Dataset excerpts
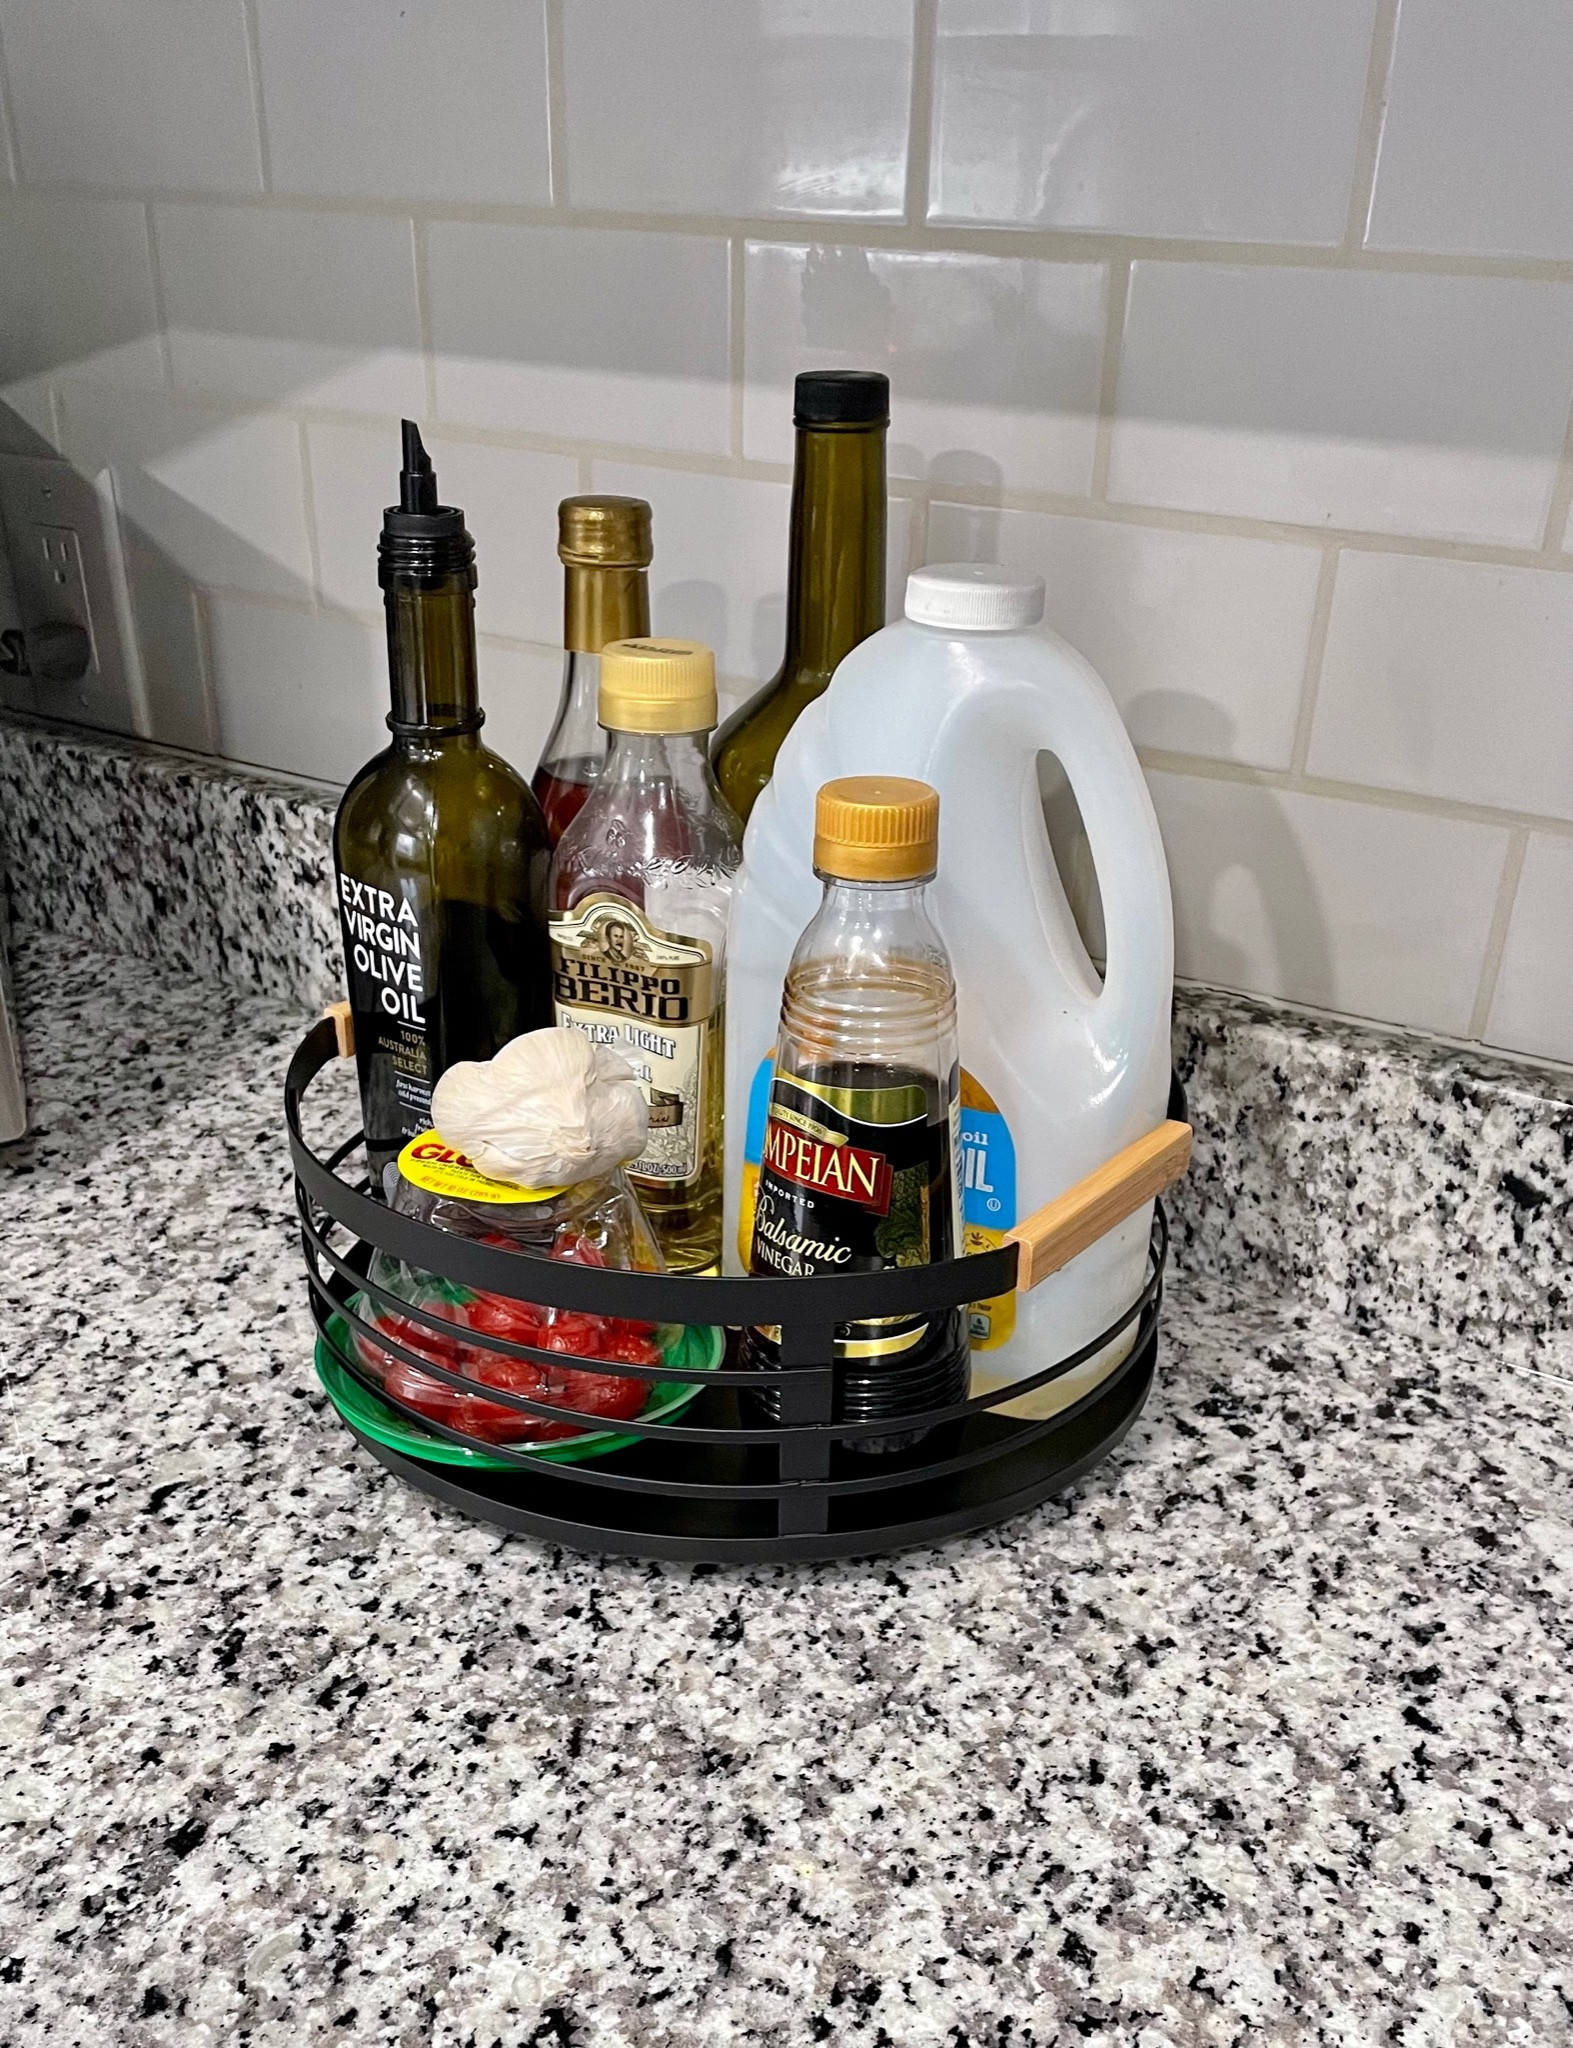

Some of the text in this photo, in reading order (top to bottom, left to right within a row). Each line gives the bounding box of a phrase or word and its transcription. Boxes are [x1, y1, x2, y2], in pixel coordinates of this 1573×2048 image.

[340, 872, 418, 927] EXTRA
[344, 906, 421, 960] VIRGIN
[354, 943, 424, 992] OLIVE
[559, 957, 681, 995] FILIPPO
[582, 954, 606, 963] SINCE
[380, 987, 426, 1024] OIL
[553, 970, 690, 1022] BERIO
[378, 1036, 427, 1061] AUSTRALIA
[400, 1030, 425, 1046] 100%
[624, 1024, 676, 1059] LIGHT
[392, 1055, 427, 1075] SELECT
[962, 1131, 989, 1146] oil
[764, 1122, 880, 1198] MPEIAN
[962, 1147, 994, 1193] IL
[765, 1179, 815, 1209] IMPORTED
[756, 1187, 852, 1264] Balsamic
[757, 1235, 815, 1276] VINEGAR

Work required
Without the pictures, reproduce every entry exactly as written.

Result
Some of the text in this photo, in reading order (top to bottom, left to right within a row). Each line gives the bounding box of a phrase or word and its transcription. Boxes are [x1, y1, x2, y2], in pixel coordinates of this 1573×2048 image.

[340, 872, 418, 927] EXTRA
[344, 906, 421, 960] VIRGIN
[354, 943, 424, 992] OLIVE
[559, 957, 681, 995] FILIPPO
[582, 954, 606, 963] SINCE
[380, 987, 426, 1024] OIL
[553, 970, 690, 1022] BERIO
[378, 1036, 427, 1061] AUSTRALIA
[400, 1030, 425, 1046] 100%
[624, 1024, 676, 1059] LIGHT
[392, 1055, 427, 1075] SELECT
[962, 1131, 989, 1146] oil
[764, 1122, 880, 1198] MPEIAN
[962, 1147, 994, 1193] IL
[765, 1179, 815, 1209] IMPORTED
[756, 1187, 852, 1264] Balsamic
[757, 1235, 815, 1276] VINEGAR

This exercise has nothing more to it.